Bob Ezrin brought discipline that we never had. We were wild horses that basically ran off. We ran in a pack and people would say, “Look how glorious they are” and so on, because they liked the raw energy. But nobody in the band ever took the time to do things the right way. We never even learned to tune our instruments the right way, harmonically. We just tuned them by ear, because we were all self-taught. Bob Ezrin comes from a schooled, classical background and he brought another element that became part of who we are, which is you break the rules. Put boys choirs on, put symphony orchestras on, do ballads. Don’t be trapped with flatting the third in a blues mode, which is what rock & roll is based on. There’s nothing wrong with white, European classical music either. Some of the square notes, that sort of scale is white, and there’s nothing wrong with using those scales in music at all. Hey, I thought the whole idea of rock & roll is that there are no rules.
What’s your relationship with Paul like? Are there songs of his you can’t stand to this day?

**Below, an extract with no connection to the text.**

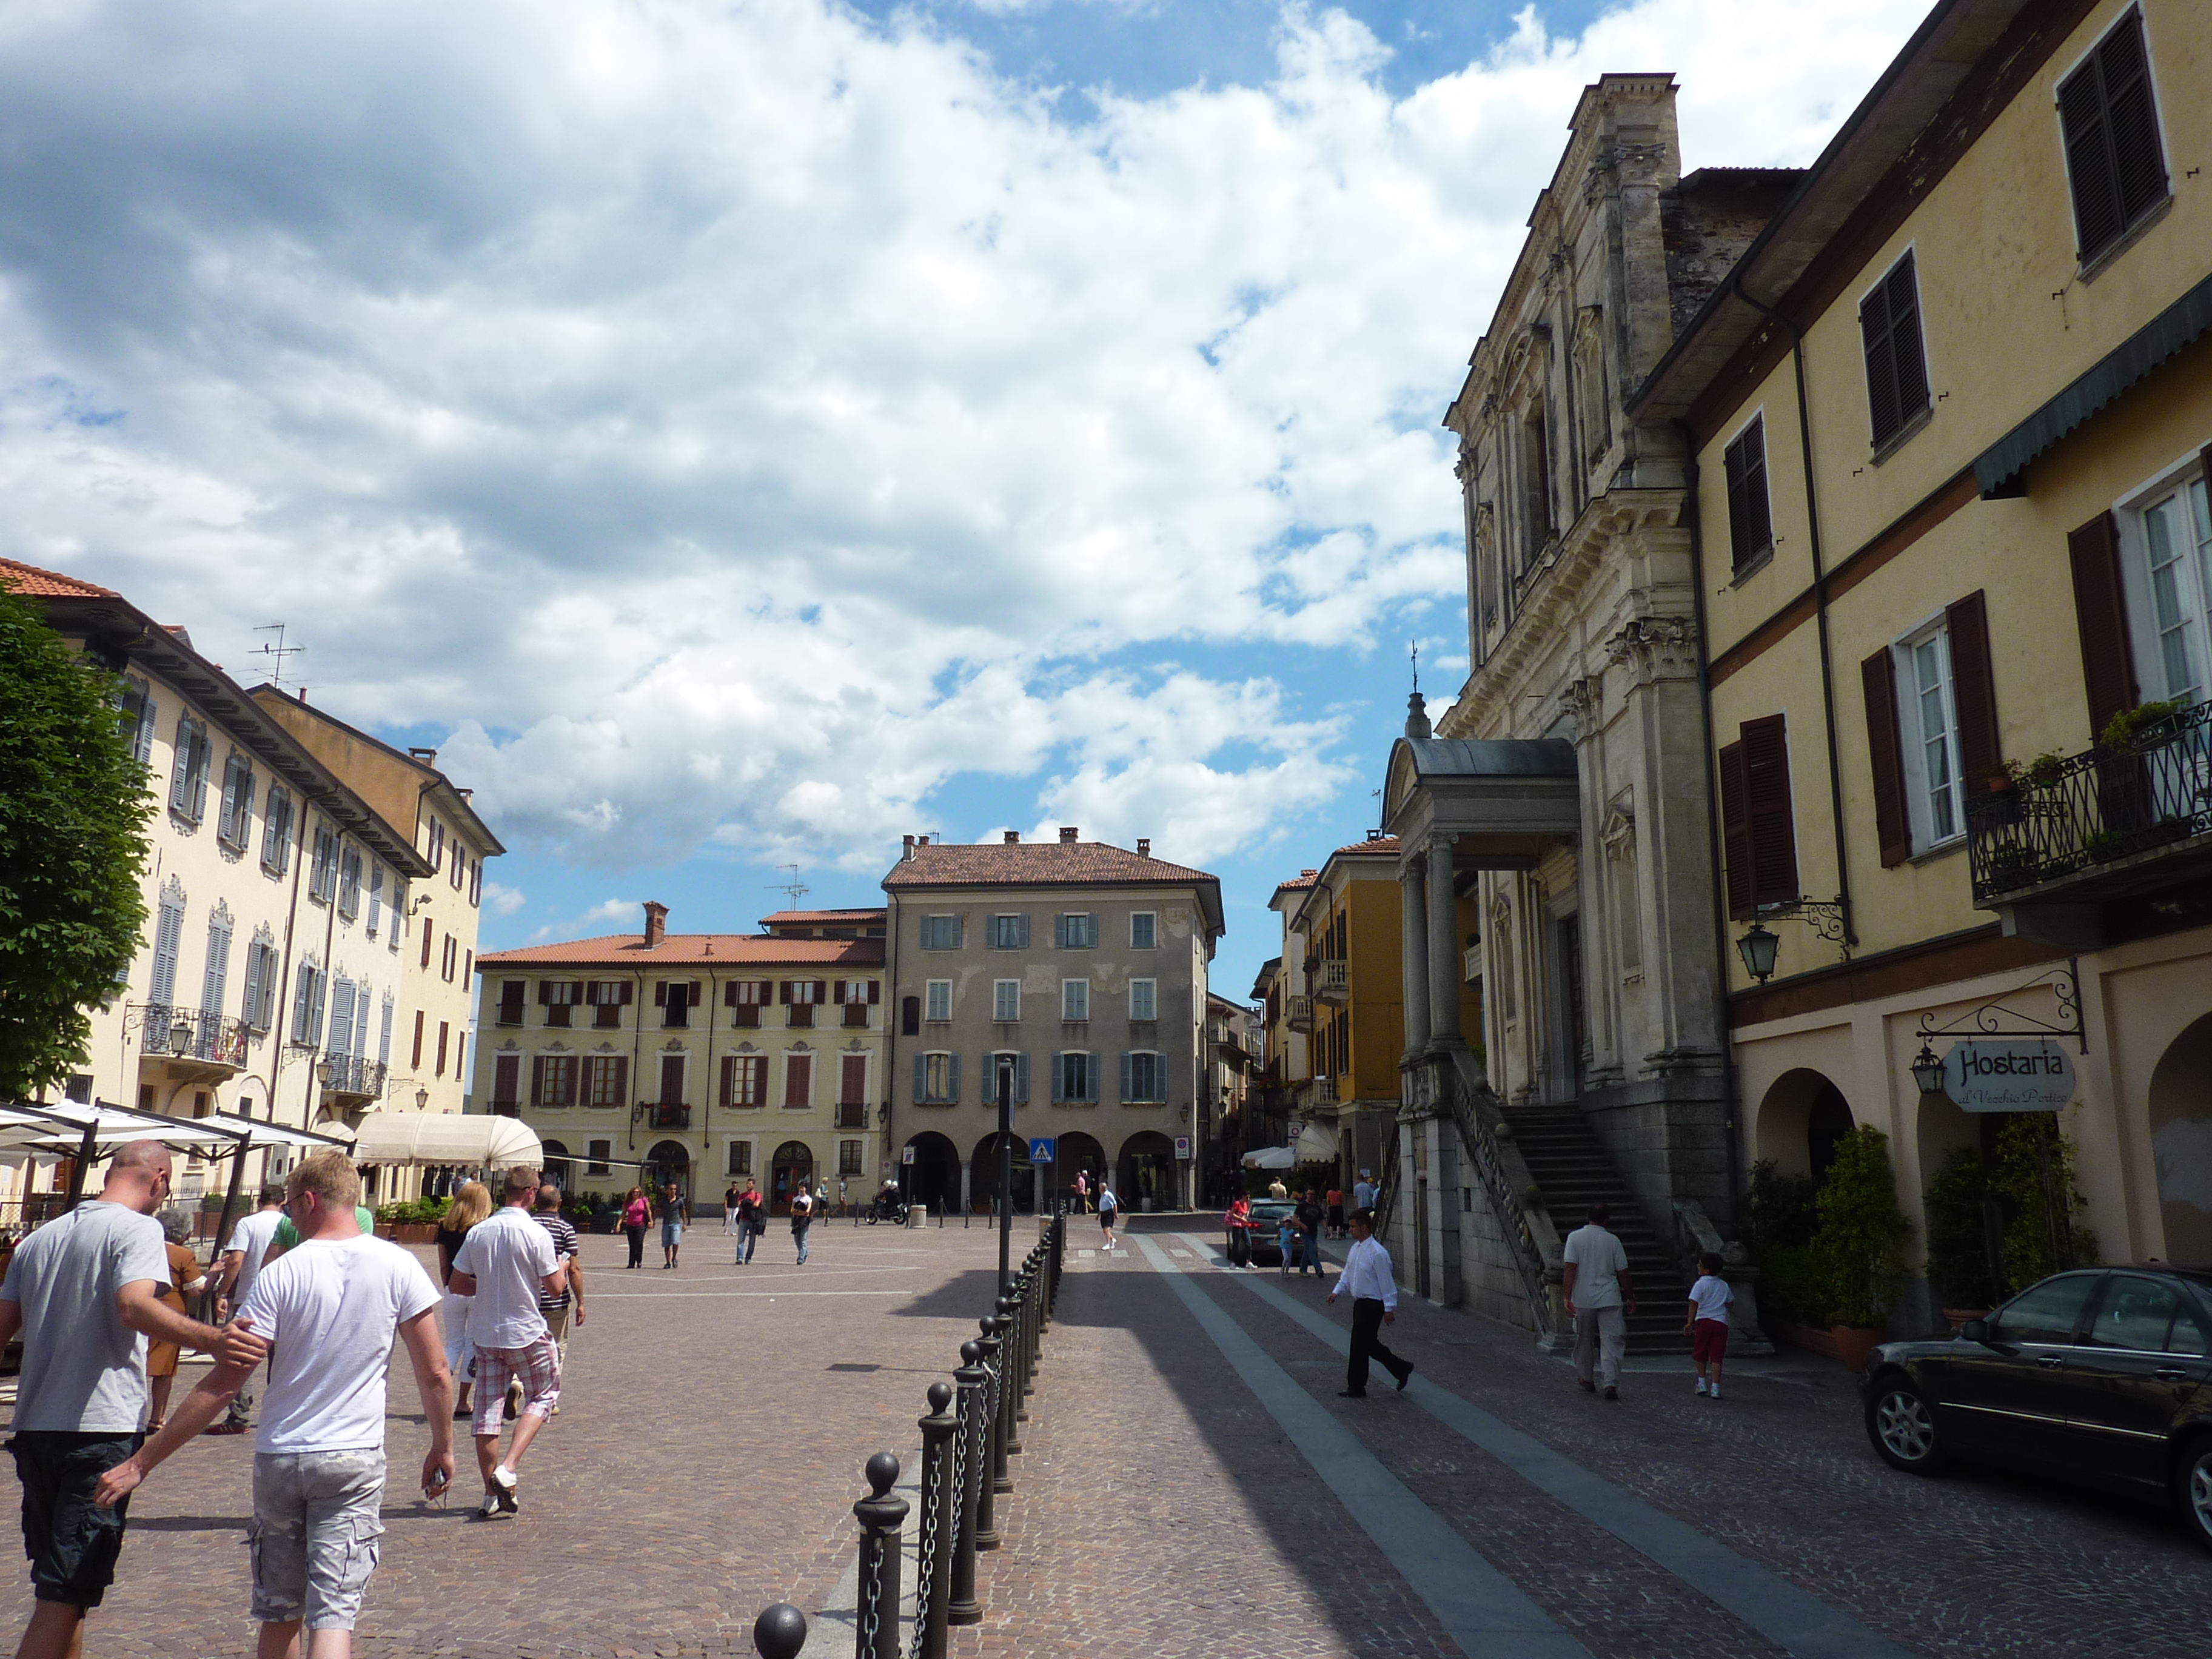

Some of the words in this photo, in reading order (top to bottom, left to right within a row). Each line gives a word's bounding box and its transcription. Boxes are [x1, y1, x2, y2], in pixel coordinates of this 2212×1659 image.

Well, I’m still not crazy about “I Was Made for Loving You.” But that has nothing to do with it. I recognized that early on. He came in one day and said, “Look, I’ve got this disco song, and it goes like this.” And he started singing like the Four Seasons, one of my favorite bands, by the way. I thought, “That doesn’t sound like Kiss, but that’s precisely why we should record it.” The notion being that either it’s a good song, whether it sounds like us, or not. I fully recognize that it’s a quality song, maybe a hit song. I was all for recording it, although I didn’t like it. I’m still not crazy about the song to this day, but I fully recognize the fans go nuts. They go apeshit when they hear it live. My point of view is that a chef in a restaurant is the most ethical job, because if you order a steak in a restaurant, a chef’s job is to give you the best steak you’ve ever had, even though he might be a vegetarian. The notion that he may or may not like what he actually works on is beside the point. If you work for me, you do what I say. Our responsibility ultimately is to give people what they want. The classical purist would say the classical musicians weren’t like that. They’re on crack. The classical musicians were told what to play, how long the music should be — they were “commissioned.” It’s no different.